The ruling Nepali Congress party has emerged as Nepal's single largest party after winning 89 seats in the 275-member parliament in a general election last month, and its leader, Sher Bahadur Deuba, looks set to stay on as prime minister.
A five-party alliance led by the Nepali Congress, which has been in power since July last year, won 136 seats, just two short for the 138 required for a majority, a tally of results from the Election Commission showed on Wednesday.
Party officials said leaders of the five-party alliance had sought the support of some new legislators and parties to reach the necessary majority.
Prakaksh Sharan Mahat, a spokesman for the Nepali Congress, said C.K. Raut, head of the newly formed Janamat Party, which won six seats, had met Deuba and pledged support for a new government.
Raut was not immediately available for comments.
"I have no doubt he will be the prime minister of the new government," Mahat said, referring to Deuba.
Deuba, 76, who is considered close to India, is in a better position to muster support for a majority, analysts said. The alliance led by his main rival, K.P. Sharma Oli of the Nepal Communist Unified Marxist Leninist Party (UML), won 92 seats.
Asian giants China and India jostle for influence in the Himalayan nation wedged between them. The Nepali Congress is seen as pro-India while the UML is considered closer to China.
Deuba could take the charge of a government for the sixth time in the next few days given how difficult it would be for any other alliance to cobble together a majority in parliament, analysts said.
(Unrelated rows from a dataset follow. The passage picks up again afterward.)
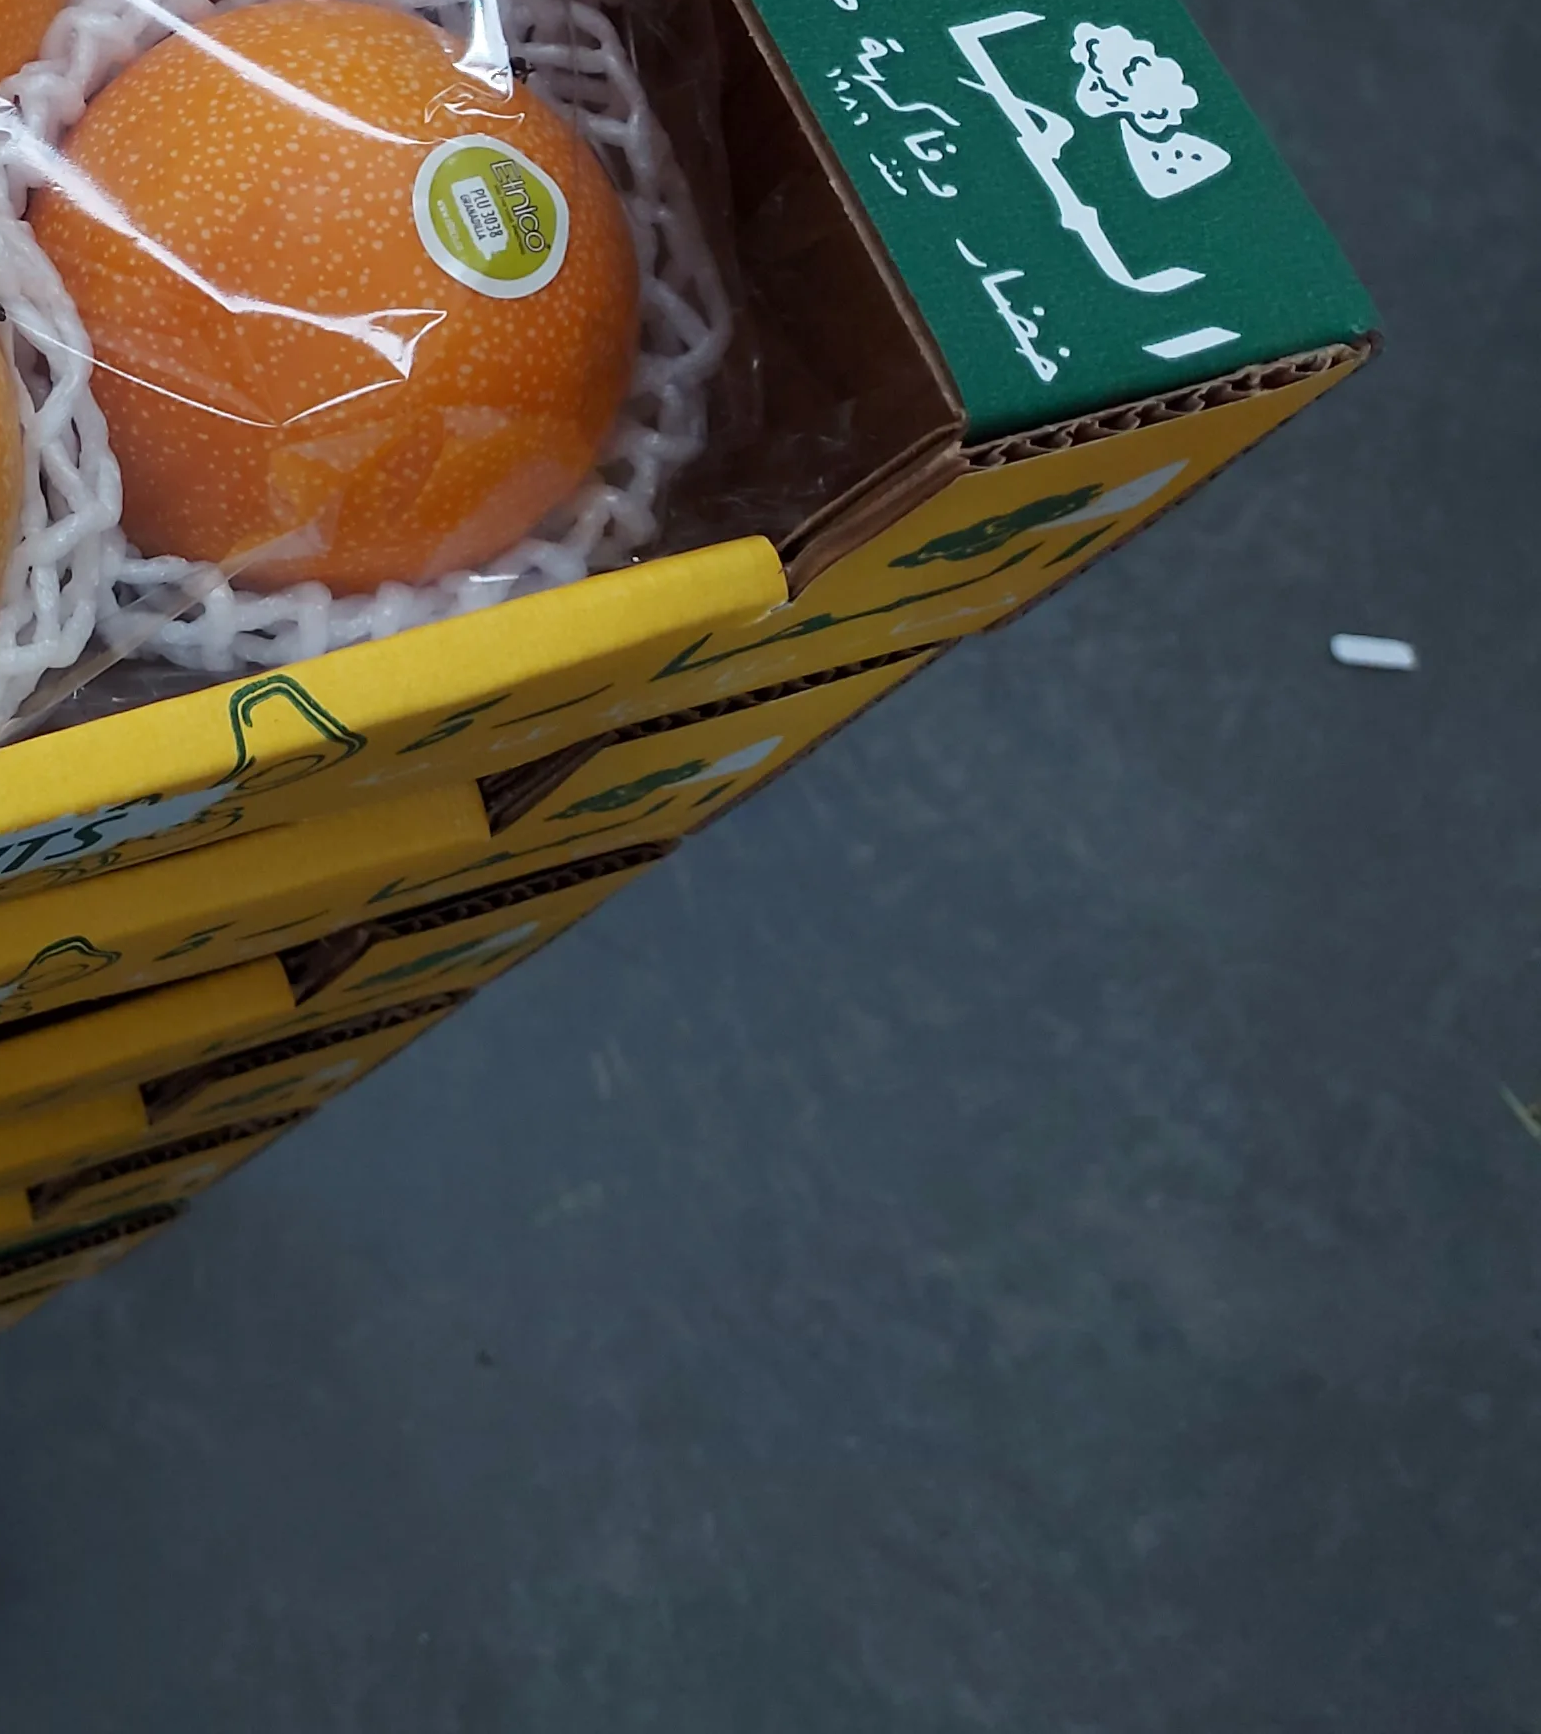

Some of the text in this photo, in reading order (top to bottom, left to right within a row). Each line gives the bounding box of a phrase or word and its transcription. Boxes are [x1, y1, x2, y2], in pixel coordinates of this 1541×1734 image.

[857, 35, 961, 198] وفاكهة
[460, 194, 486, 241] GRANADILLA
[470, 188, 504, 239] PLU 3038
[490, 158, 545, 252] Etnico
[955, 239, 1071, 383] خضار
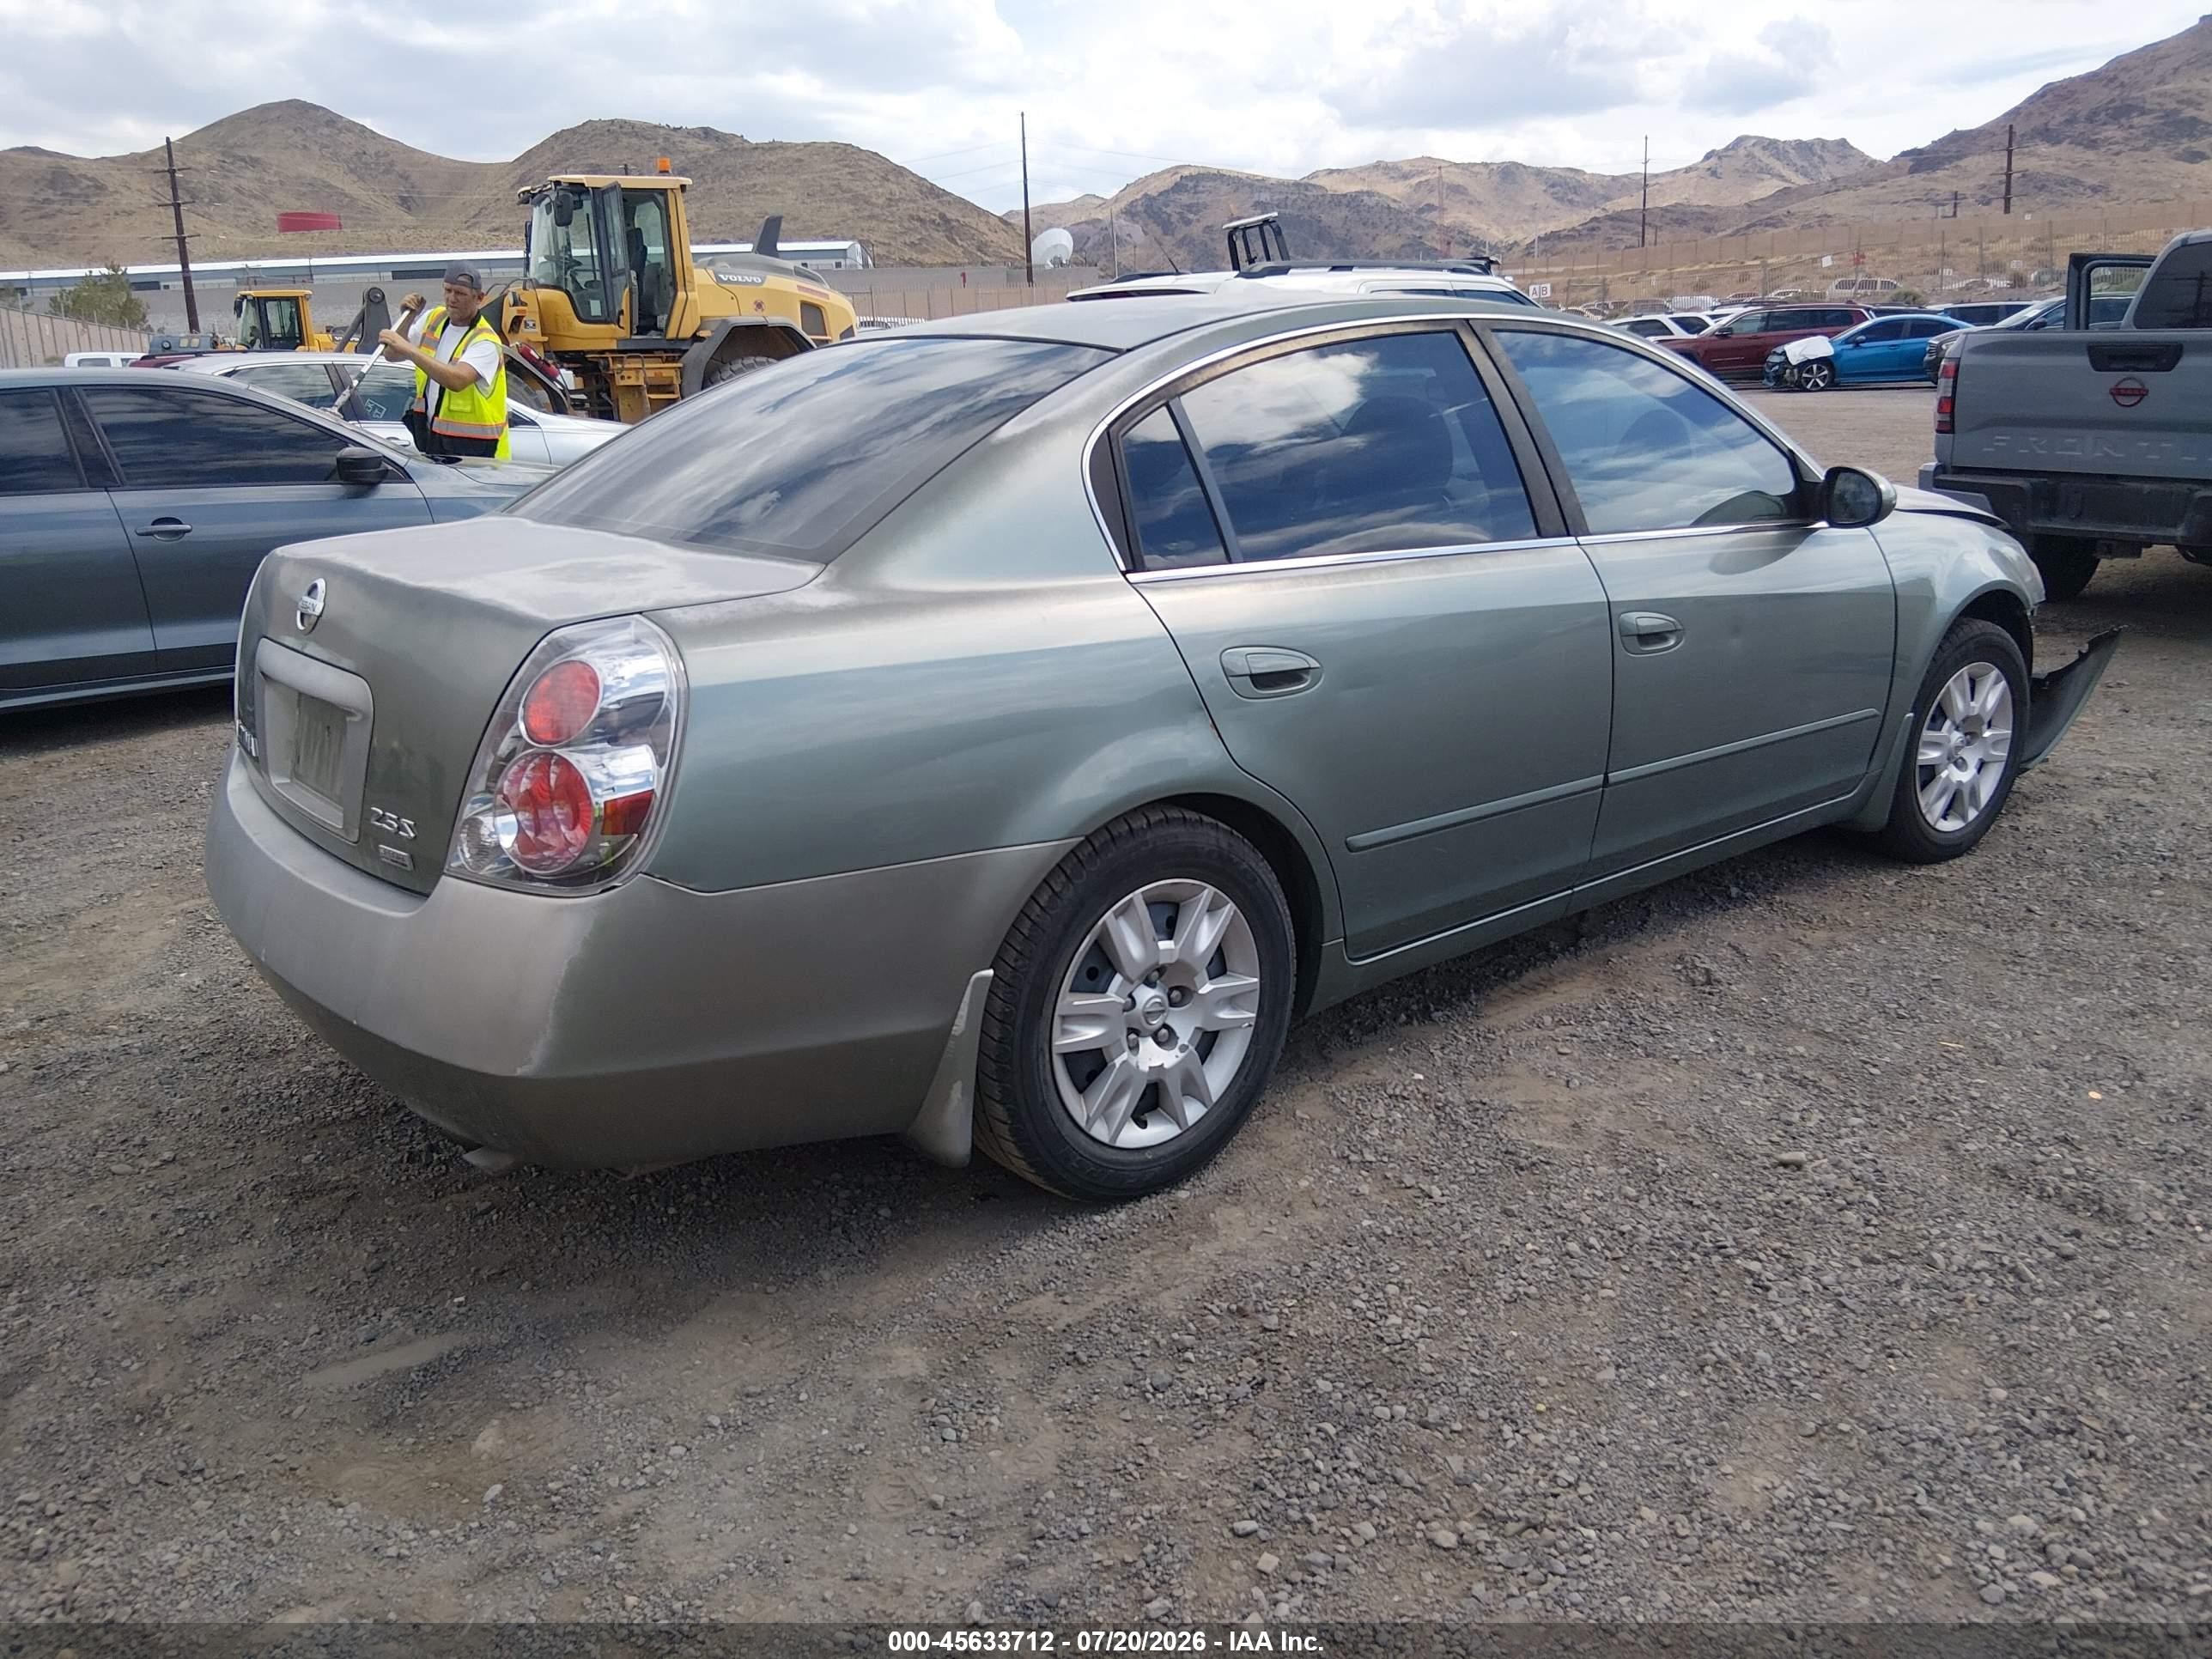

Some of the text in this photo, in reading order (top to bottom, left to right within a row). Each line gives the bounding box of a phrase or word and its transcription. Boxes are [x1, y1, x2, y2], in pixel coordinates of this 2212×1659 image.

[718, 274, 763, 283] VOLVO
[1531, 286, 1547, 297] A B
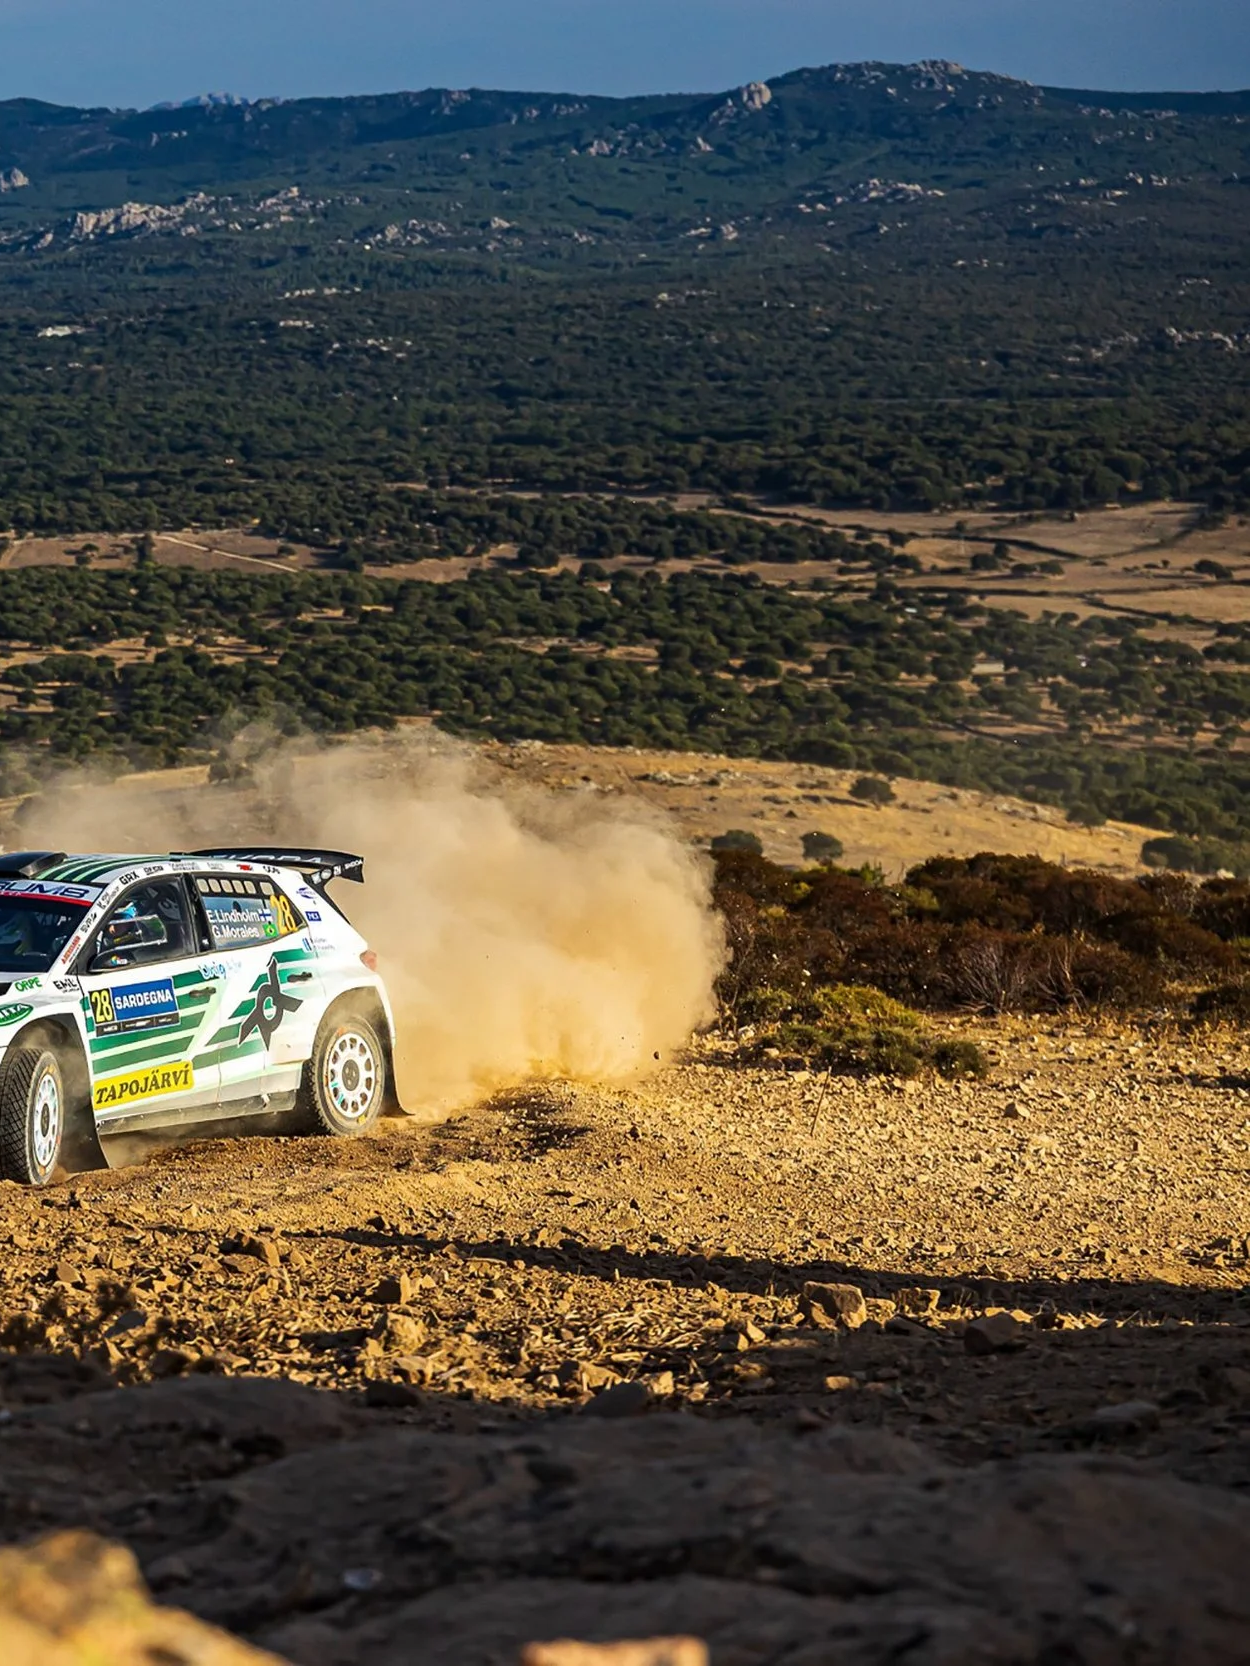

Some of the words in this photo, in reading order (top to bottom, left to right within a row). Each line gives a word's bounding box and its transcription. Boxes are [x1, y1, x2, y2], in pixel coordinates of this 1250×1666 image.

"The present ruling alliance is most likely to form a new government because it needs the support of only a few members which could be easily won," said Krishna Khanal, a retired professor of political science at the Tribhuvan University in Kathmandu.
Nepal, one of the world's poorest countries, has had 10 different governments since the abolition of a 239-year-old monarchy in 2008.
Its three major parties - the Nepali Congress, UML and the Maoist Centre - have all led different coalitions in the past but none has served a full five-year term due to power struggles and infighting.
Analysts said many younger candidates from newly formed smaller parties, or independents, had won seats in the Nov. 20 election, a sign of voter frustration with the old parties.
Younger politicians are also seeking to make their mark within the established parties.
Gagan Thapa, a young lawmaker from Deuba's party has vowed to challenge Deuba when the party deputies elect the prime minister.
Election results for the seven provincial assemblies, which were held along with parliamentary elections, showed that no party had got a clear majority.
Party officials said leaders will work out alliances in all provinces. (Reuters)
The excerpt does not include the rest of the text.